In Mr Sim’s words: “Price gouging on petrol … is not against the law.”
When contacted by The New Daily, the ACCC confirmed it does not have the power to force petrol companies to lower petrol prices.
That means, assuming no company in the petrol supply chain is engaging in cartel price fixing or any other illegal behaviour, the best that can come out of the measure is increased transparency and more active consumer choice.
Chris Huth, a petrol price expert and spokesperson for comparison site MotorMouth, told The New Daily it was unlikely anything illegal was going on.
“If they find some systemic problem then they might be able to do something about it. Do I think that’s likely? Probably not,” he said.
“Petrol retail is a free market, and it’s been looked at again and again, and there’s nothing going on.”
While the wholesale market and overseas supply has not been scrutinised to the same extent, Mr Huth pointed out it too was a free market.
But Mr Huth said, while little could be done about price gouging, it would nevertheless be “very interesting” to see what came out of the ACCC’s first quarterly report, due in early 2018.
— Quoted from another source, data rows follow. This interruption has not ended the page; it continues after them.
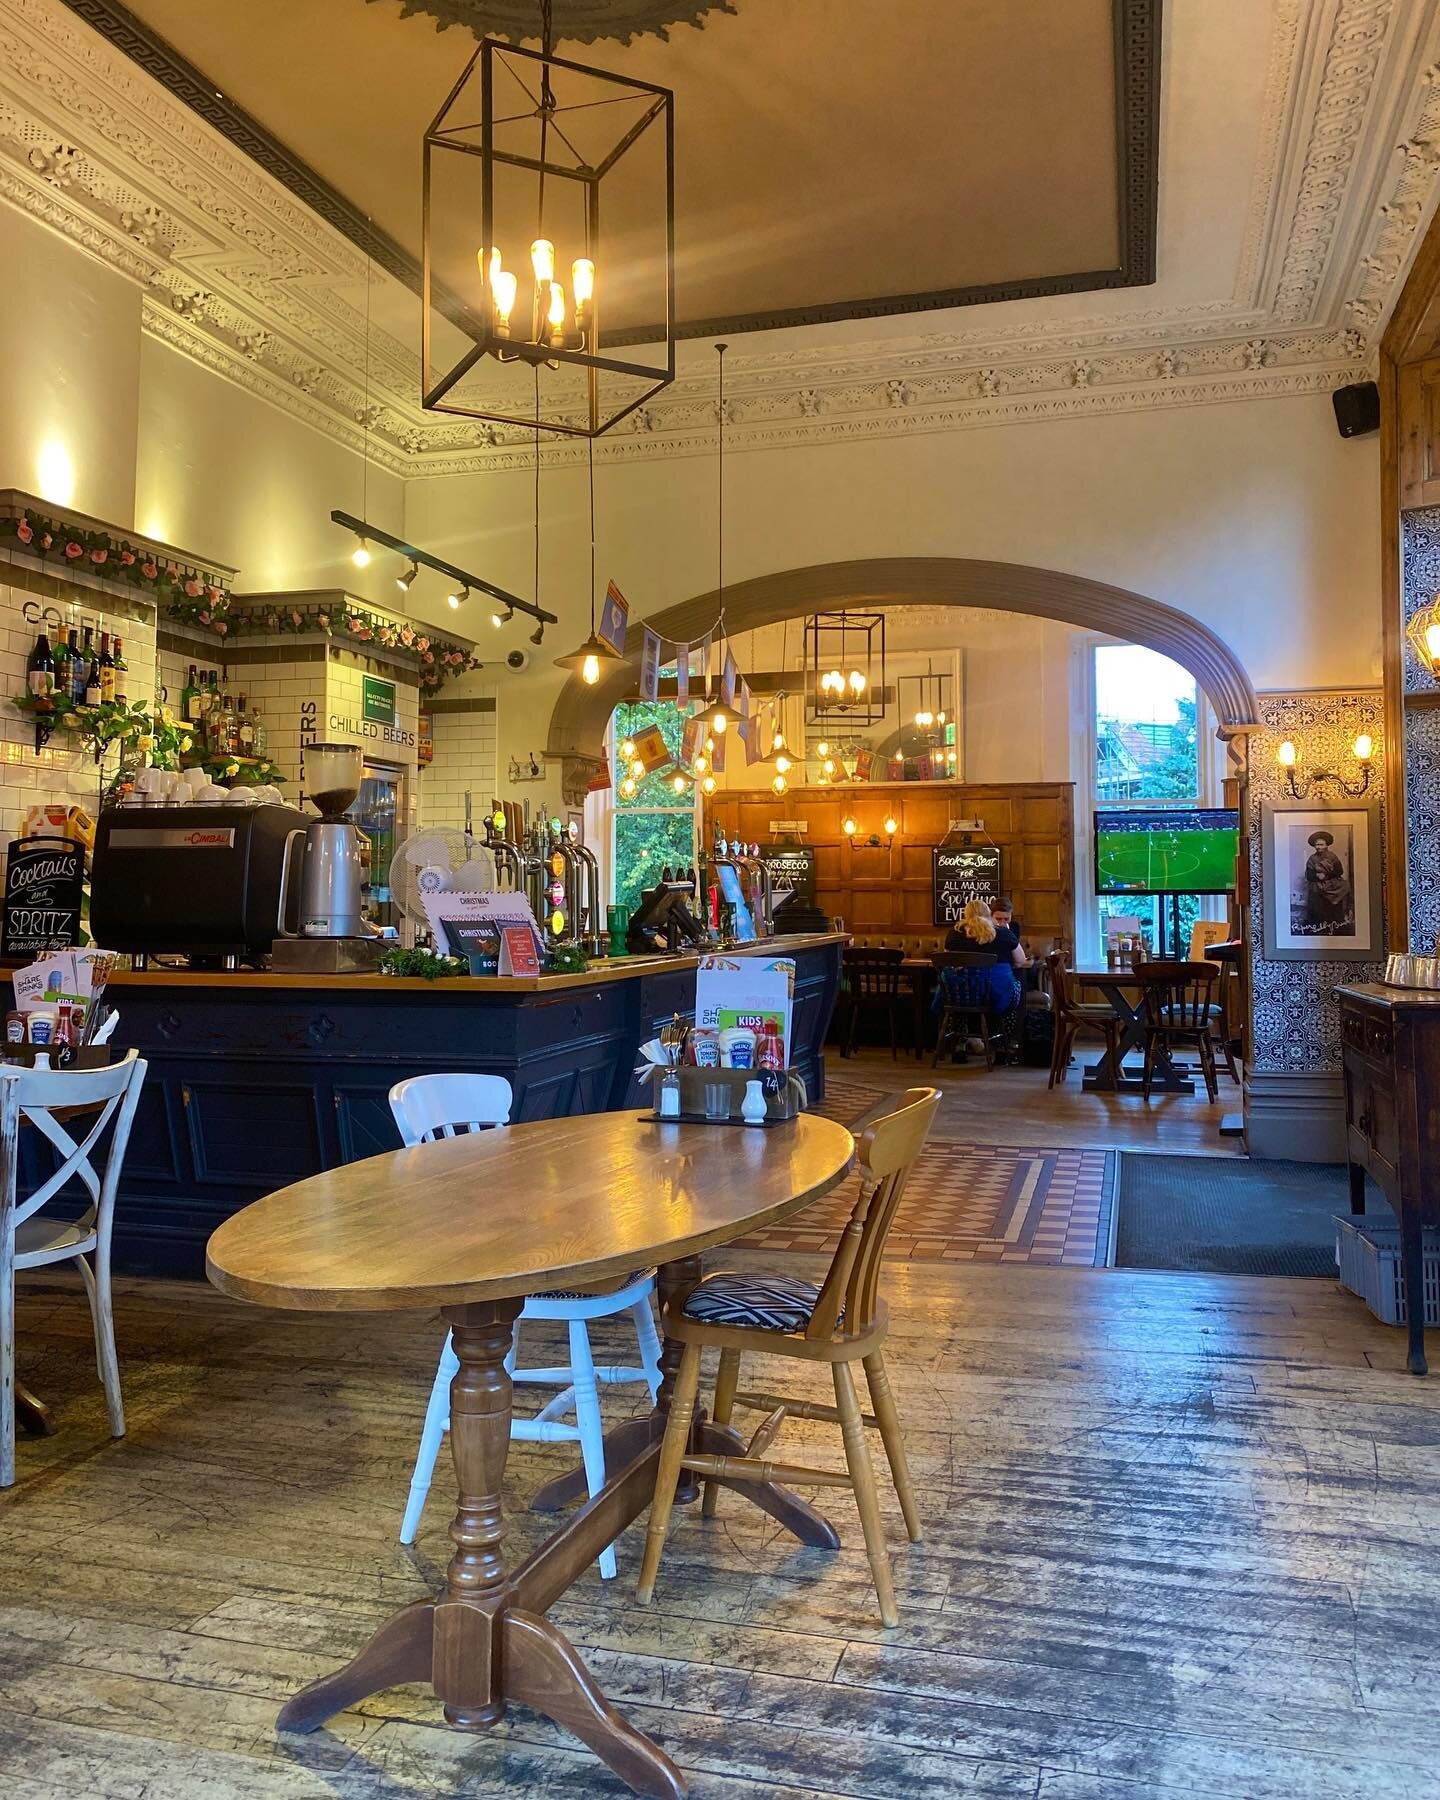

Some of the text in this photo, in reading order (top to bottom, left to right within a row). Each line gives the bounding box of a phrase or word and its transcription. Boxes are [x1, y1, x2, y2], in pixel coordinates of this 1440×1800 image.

[329, 715, 415, 747] CHILLED BEERS
[300, 702, 316, 781] ERS
[10, 856, 77, 889] Cocktails
[944, 881, 991, 891] ALL MAJOR
[31, 889, 48, 900] and
[459, 897, 490, 905] CHRISTMAS
[946, 907, 966, 921] EVE
[8, 910, 73, 936] SPRITZ
[458, 929, 495, 937] CHRISTMAS
[8, 940, 47, 951] available
[482, 960, 498, 968] BOO
[17, 974, 41, 988] SHARE
[17, 981, 43, 995] DRINKS
[702, 1017, 719, 1025] DRI
[738, 1016, 762, 1026] KIDS
On the subject of seasonal price gouging, Mr Huth said he had seen no evidence that petrol retailers lift prices at Christmas.
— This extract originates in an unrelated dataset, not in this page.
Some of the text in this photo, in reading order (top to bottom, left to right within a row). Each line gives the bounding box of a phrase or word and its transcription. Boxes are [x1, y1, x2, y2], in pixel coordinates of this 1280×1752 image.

He said petrol prices are constantly fluctuating as a result of the “price cycle”, an economic phenomenon that affects retailers whose products are necessarily identical.
The price cycle sees competing retailers push prices down lower and lower in an effort to undercut one another. Eventually they can go no lower without hurting their business, at which point the prices rise again.
Mr Huth said a single cycle typically lasts around two or three weeks, though it can be longer or shorter.
“Christmas price gouging is a bit of a myth. If you look at the end of a price cycle, and you look at a holiday period, the likelihood is there will be a peak at some point,” he said, pointing out this could be misread as a seasonal price hike.
This year he said the peak came a week before Christmas.
Comparison website comparethemarket.com.au has predicted that the next peak will come around New Year’s Eve.
Comparethemarket.com.au spokesperson Abigail Koch said prices were currently easing across most of Australia, and advised motorists to hold off filling up their tank until as close to Christmas Day as possible.
But she added: “Even with petrol prices on their way down, the average price of petrol is still sitting at 134.2 cents per litre over the last quarter – the highest of any quarter this year, and 11.5 cents per litre higher than the last quarter [June 24 to September 24].
“I would strongly advise motorists to keep checking prices before filling up this Christmas.”